EXERCISE: Reproduce the listing that follows character for character, excluding its pictures.

EXTRACTED MATERIAL:
>>>

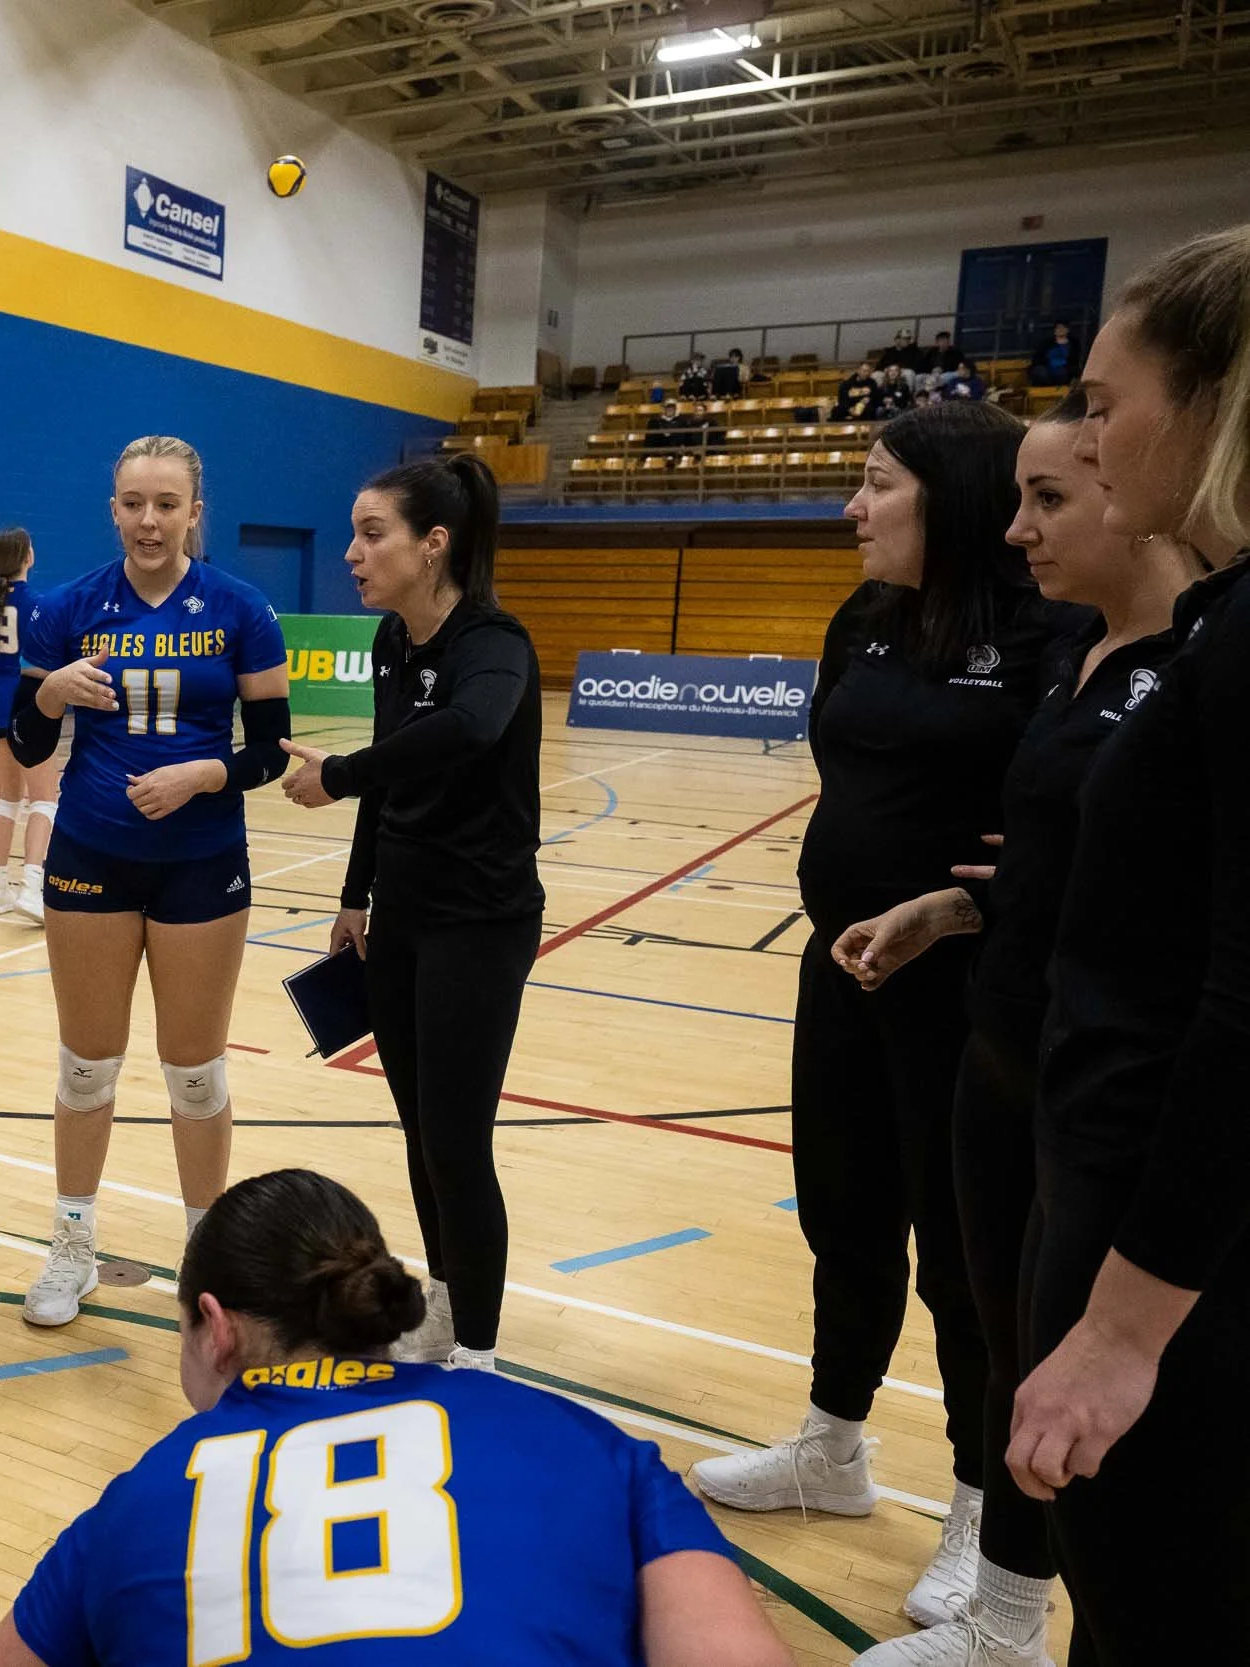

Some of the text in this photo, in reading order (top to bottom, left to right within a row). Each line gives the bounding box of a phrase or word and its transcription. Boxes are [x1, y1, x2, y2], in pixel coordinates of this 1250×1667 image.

[155, 193, 220, 237] Cansel
[154, 628, 226, 657] BLEUES
[286, 649, 373, 683] UBW
[948, 678, 1004, 688] VOLLEYBALL
[121, 668, 181, 736] 11
[589, 698, 628, 707] quotidien
[629, 700, 688, 711] francophone
[689, 704, 701, 712] du
[185, 1399, 463, 1667] 18

<<<

RESPONSE BELOW:
Some of the text in this photo, in reading order (top to bottom, left to right within a row). Each line gives the bounding box of a phrase or word and its transcription. Boxes are [x1, y1, x2, y2], in pixel coordinates of this 1250×1667 image.

[155, 193, 220, 237] Cansel
[154, 628, 226, 657] BLEUES
[286, 649, 373, 683] UBW
[948, 678, 1004, 688] VOLLEYBALL
[121, 668, 181, 736] 11
[589, 698, 628, 707] quotidien
[629, 700, 688, 711] francophone
[689, 704, 701, 712] du
[185, 1399, 463, 1667] 18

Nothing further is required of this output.